In an unprecedented development that has sent shockwaves through Britain and beyond, British authorities have arrested Andrew Mountbatten-Windsor, the younger brother of King Charles III, on suspicion of misconduct in public office in connection with his long-scrutinised relationship with convicted American sex offender Jeffrey Epstein. The arrest on February 19, which also happened to be Mountbatten-Windsor’s 66th birthday, marks a historic low point for a member of the royal family and has intensified global debate about accountability at the highest echelons of public life.
Thames Valley Police officers arrived unannounced on the Sandringham estate in Norfolk early on the day of the arrest, driving unmarked vehicles and accompanied by plain-clothes detectives to detain the former royal at his private residence. After being taken into custody, Mountbatten-Windsor was held for approximately 11 to 12 hours before being released under investigation while enquiries continue, police confirmed. It is understood that searches were also conducted at his previous home in Windsor Great Park.
The investigation stems from material recently released by the U.S. Department of Justice as part of the so-called Epstein Files, a vast archive of evidence collected during the long-running inquiry into Epstein’s sex trafficking network. Among documents examined by authorities are internal emails and photographs suggesting Mountbatten-Windsor maintained contact with Epstein well after his 2008 conviction, and that he may have shared confidential British government documents with the financier during his tenure as the UK’s trade envoy in the early 2000s.
Although the specific allegations under investigation relate to misconduct in public office, a common-law offence in the UK, the broader context of Mountbatten-Windsor’s decades-long association with Epstein has fuelled public outrage. He had already resigned from public duties in 2019 amid earlier controversy and was formally stripped of his royal titles by King Charles III in October 2025 after further damaging revelations emerged. These included accusations from Virginia Giuffre—one of Epstein’s most prominent accusers—who alleged in her memoir that she was trafficked and coerced into encounters with Mountbatten-Windsor when she was a minor. Although he settled a civil lawsuit with Giuffre in 2022 and denied any wrongdoing, those claims have continued to cast a long shadow.
The king, in a brief statement issued through Buckingham Palace, said he had “learned with the deepest concern” of his brother’s detention and reaffirmed that “the law must take its course,” stressing that the royal family would fully cooperate with police inquiries.
Reaction from political leaders and legal experts has underscored the gravity of the situation. Prime Minister Sir Keir Starmer reiterated the principle that no individual is above the law, and urged Mountbatten-Windsor to assist investigators. Meanwhile, calls have been growing among parliamentarians and public figures for an independent inquiry into how much the monarchy knew about his associations with Epstein and whether any lapses occurred in oversight.
In the United States, prominent women’s rights attorney Gloria Allred criticised the focus on trade-related misconduct while sex abuse allegations tied to the Epstein network remain unresolved. She questioned whether the arrest will translate into meaningful justice for trafficking victims and highlighted ongoing concerns about the transparency of investigations on both sides of the Atlantic.

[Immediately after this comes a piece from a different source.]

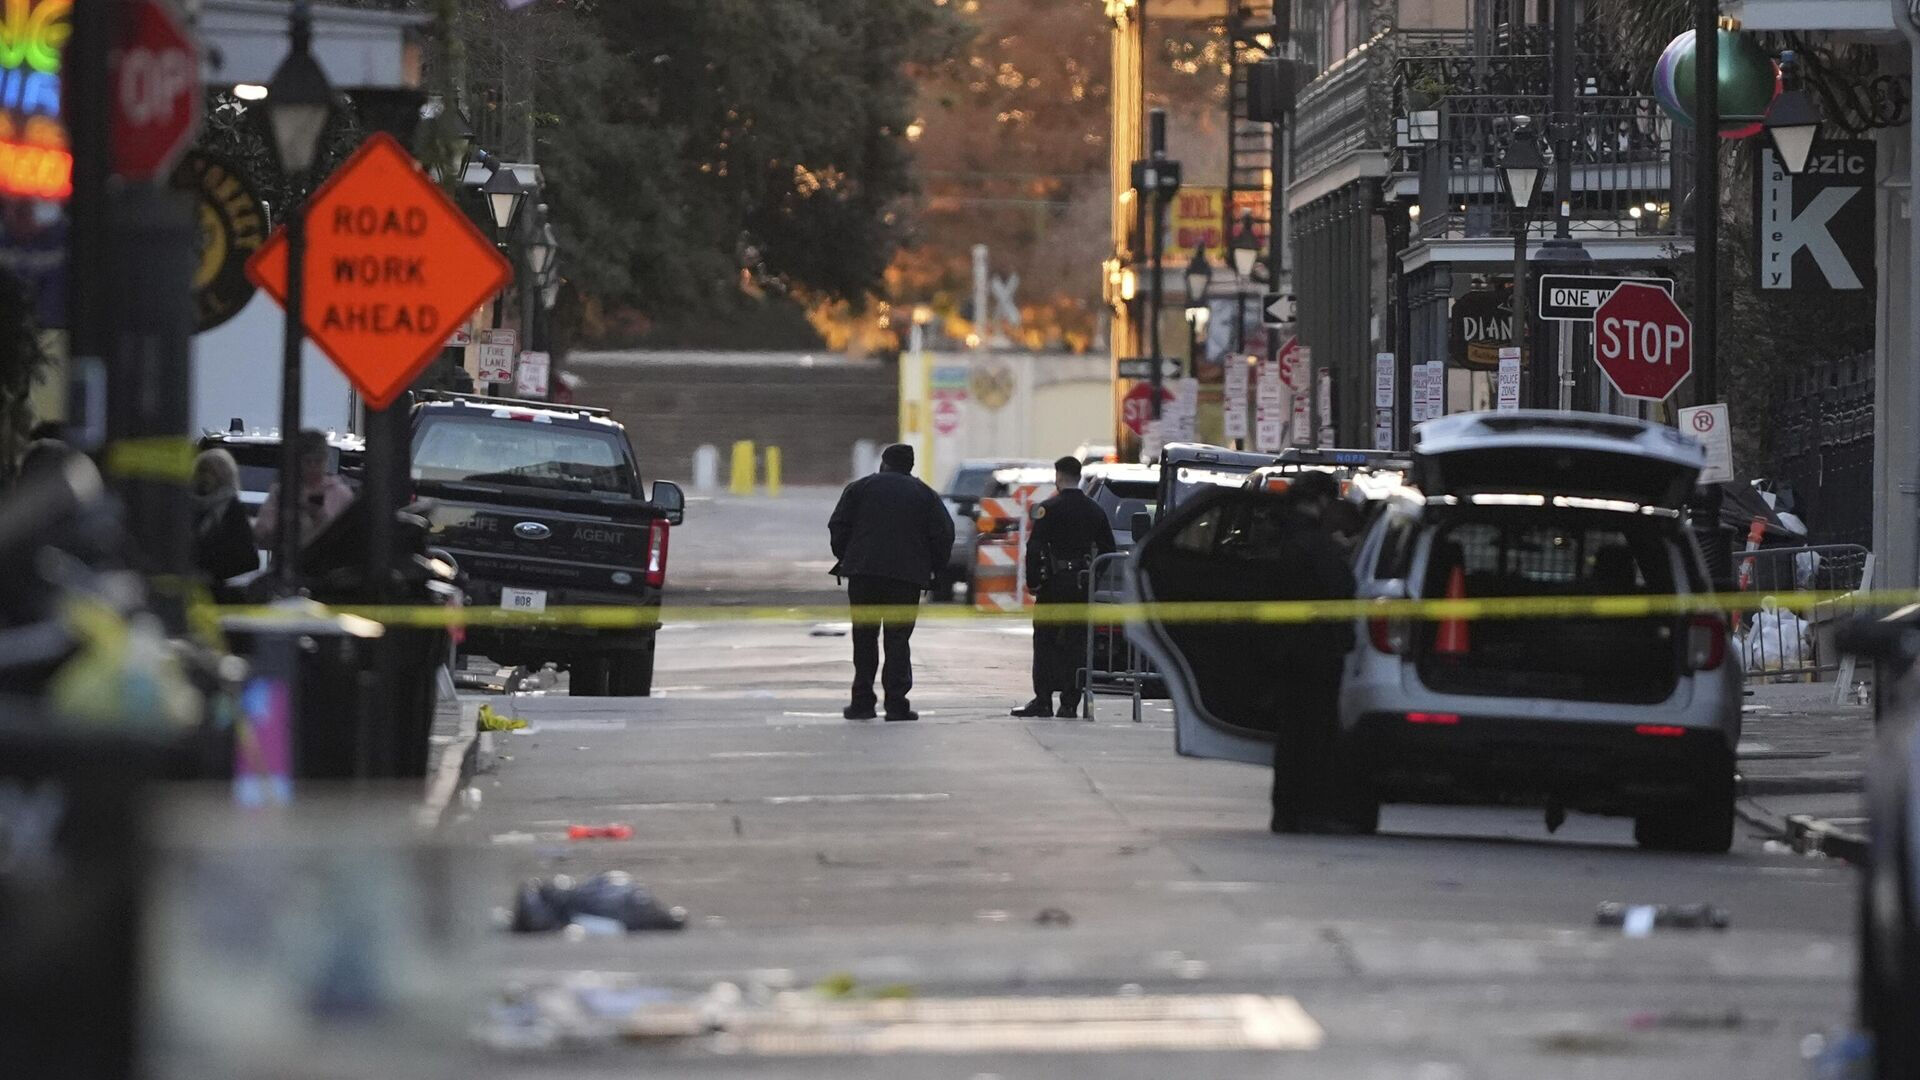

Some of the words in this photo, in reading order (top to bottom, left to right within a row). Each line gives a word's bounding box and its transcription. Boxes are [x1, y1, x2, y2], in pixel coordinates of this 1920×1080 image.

Among those closest to Mountbatten-Windsor, reactions have varied. Ghislaine Maxwell’s family expressed surprise at the arrest but emphasised the need for fairness and due process, contrasting his treatment with Maxwell’s own lengthy sentence for her role in Epstein’s trafficking operations.
The arrest of Andrew Mountbatten-Windsor—the first time a sibling of a reigning British monarch has been detained in more than four centuries—marks an extraordinary chapter in royal history and underscores the deep reverberations of the Epstein scandal for Britain’s royal institution, which has long battled to maintain public trust amid persistent calls for greater accountability.